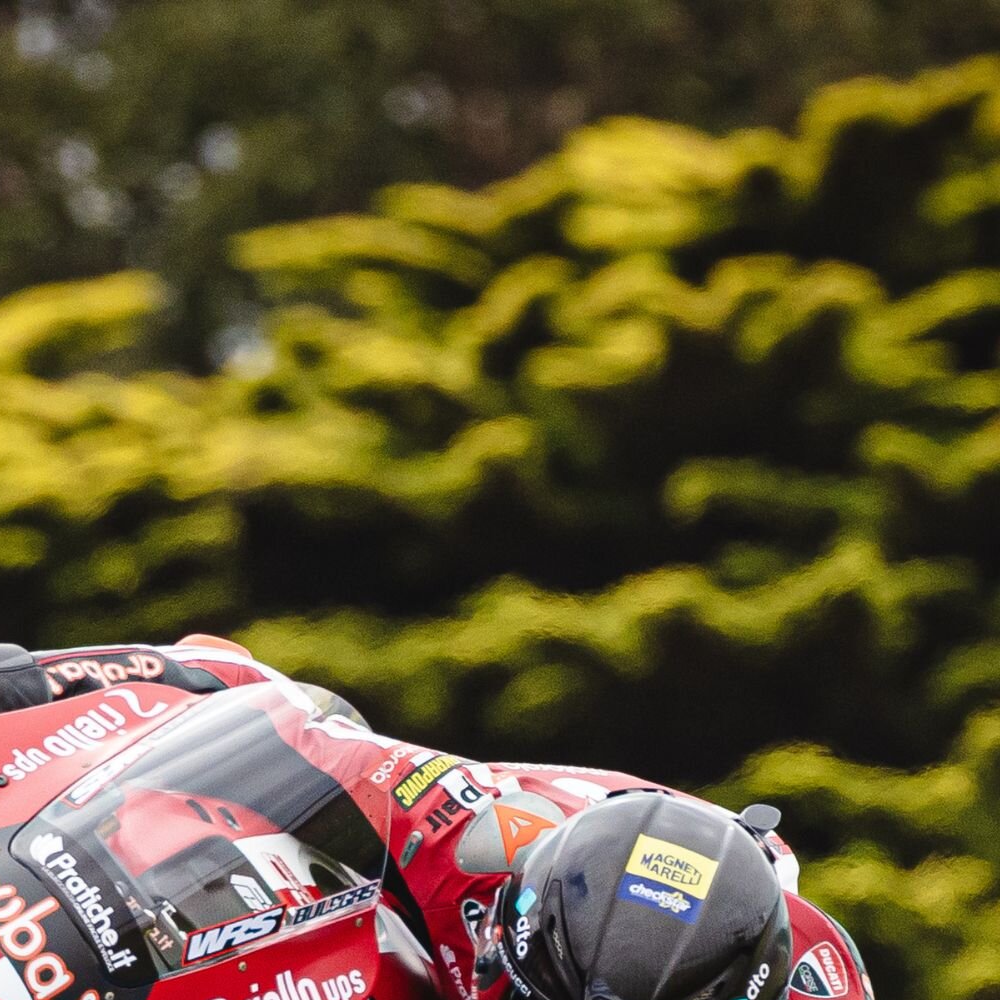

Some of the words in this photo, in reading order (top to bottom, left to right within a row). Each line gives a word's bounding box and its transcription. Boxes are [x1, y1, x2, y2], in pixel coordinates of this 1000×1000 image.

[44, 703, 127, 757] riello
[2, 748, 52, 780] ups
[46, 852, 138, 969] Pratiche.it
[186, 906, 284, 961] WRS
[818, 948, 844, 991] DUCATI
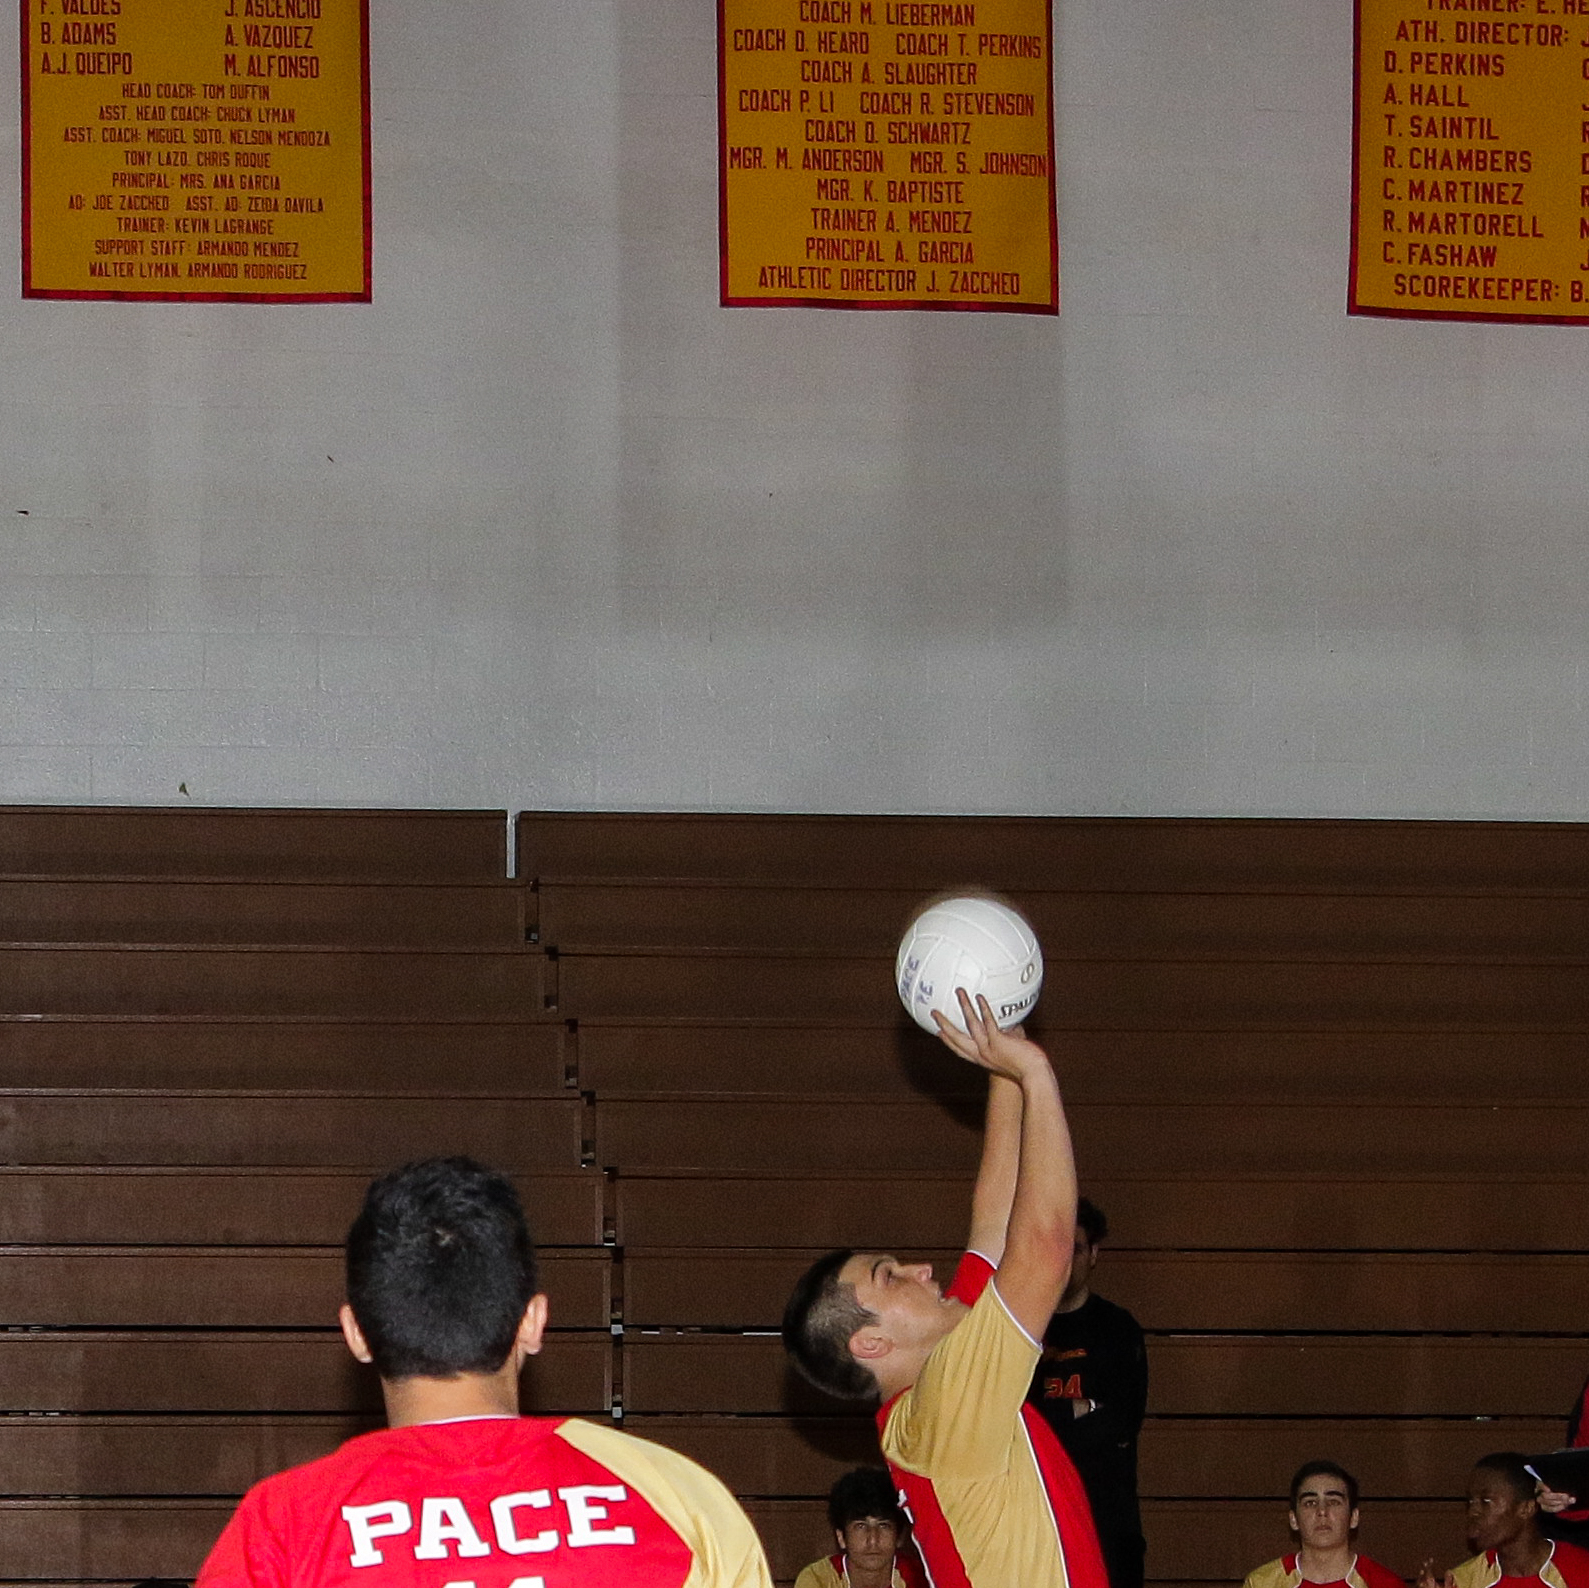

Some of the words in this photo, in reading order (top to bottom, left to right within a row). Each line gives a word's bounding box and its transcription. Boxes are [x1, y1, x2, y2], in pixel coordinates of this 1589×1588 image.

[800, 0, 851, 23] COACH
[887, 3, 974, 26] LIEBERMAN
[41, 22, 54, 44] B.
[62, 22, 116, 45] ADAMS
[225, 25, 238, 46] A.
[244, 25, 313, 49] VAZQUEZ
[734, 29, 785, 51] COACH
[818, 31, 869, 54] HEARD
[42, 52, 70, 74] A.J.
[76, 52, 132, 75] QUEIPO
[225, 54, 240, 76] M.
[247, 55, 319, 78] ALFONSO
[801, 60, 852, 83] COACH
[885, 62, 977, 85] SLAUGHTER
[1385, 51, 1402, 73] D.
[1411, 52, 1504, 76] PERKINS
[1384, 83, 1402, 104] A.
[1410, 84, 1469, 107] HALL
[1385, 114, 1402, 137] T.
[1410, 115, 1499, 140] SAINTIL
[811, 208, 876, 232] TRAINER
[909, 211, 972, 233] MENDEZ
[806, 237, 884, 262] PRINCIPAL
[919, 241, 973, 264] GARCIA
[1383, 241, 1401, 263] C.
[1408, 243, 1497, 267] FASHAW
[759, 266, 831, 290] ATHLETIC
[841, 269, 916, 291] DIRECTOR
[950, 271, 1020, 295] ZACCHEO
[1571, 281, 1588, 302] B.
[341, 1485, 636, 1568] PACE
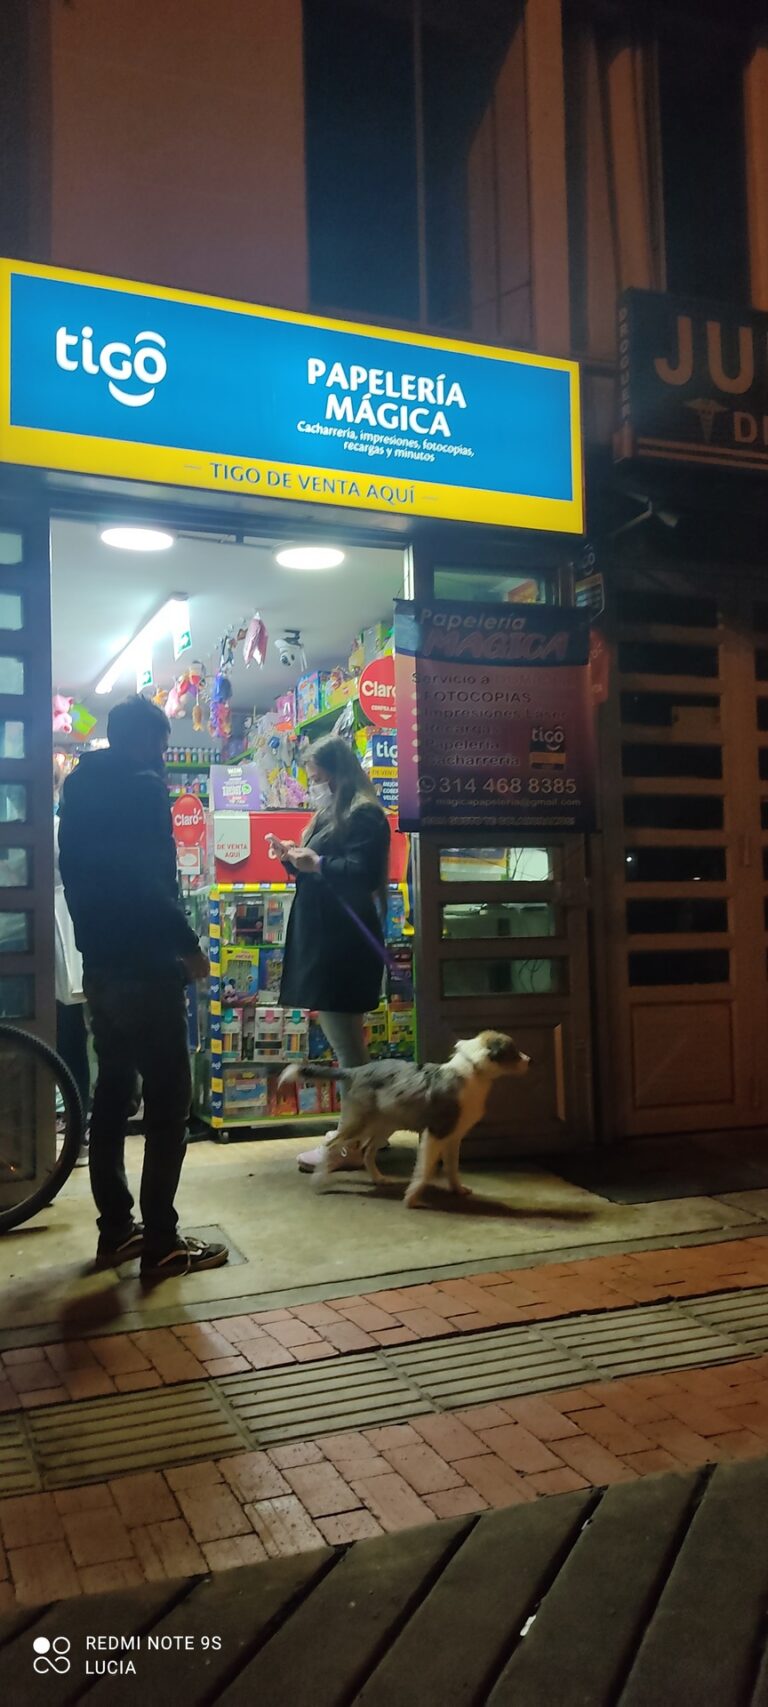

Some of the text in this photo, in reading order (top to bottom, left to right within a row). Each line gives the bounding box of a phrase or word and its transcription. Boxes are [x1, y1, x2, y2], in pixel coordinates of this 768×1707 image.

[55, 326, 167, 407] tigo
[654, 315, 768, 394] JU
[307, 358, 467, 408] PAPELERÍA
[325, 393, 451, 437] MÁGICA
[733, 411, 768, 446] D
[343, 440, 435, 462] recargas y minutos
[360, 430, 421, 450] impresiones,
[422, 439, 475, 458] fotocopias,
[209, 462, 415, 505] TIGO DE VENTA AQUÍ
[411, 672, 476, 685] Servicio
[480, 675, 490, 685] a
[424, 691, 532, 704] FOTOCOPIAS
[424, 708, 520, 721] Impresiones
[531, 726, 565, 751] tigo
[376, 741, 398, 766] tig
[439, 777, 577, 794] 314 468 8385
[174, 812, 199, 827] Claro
########
Restate exactly the lines running from the line with "Some of the text" to the end of the entries above, both ends included.

▶ _EXERCISE RESULT_
Some of the text in this photo, in reading order (top to bottom, left to right within a row). Each line gives the bounding box of a phrase or word and its transcription. Boxes are [x1, y1, x2, y2], in pixel coordinates of this 768×1707 image.

[55, 326, 167, 407] tigo
[654, 315, 768, 394] JU
[307, 358, 467, 408] PAPELERÍA
[325, 393, 451, 437] MÁGICA
[733, 411, 768, 446] D
[343, 440, 435, 462] recargas y minutos
[360, 430, 421, 450] impresiones,
[422, 439, 475, 458] fotocopias,
[209, 462, 415, 505] TIGO DE VENTA AQUÍ
[411, 672, 476, 685] Servicio
[480, 675, 490, 685] a
[424, 691, 532, 704] FOTOCOPIAS
[424, 708, 520, 721] Impresiones
[531, 726, 565, 751] tigo
[376, 741, 398, 766] tig
[439, 777, 577, 794] 314 468 8385
[174, 812, 199, 827] Claro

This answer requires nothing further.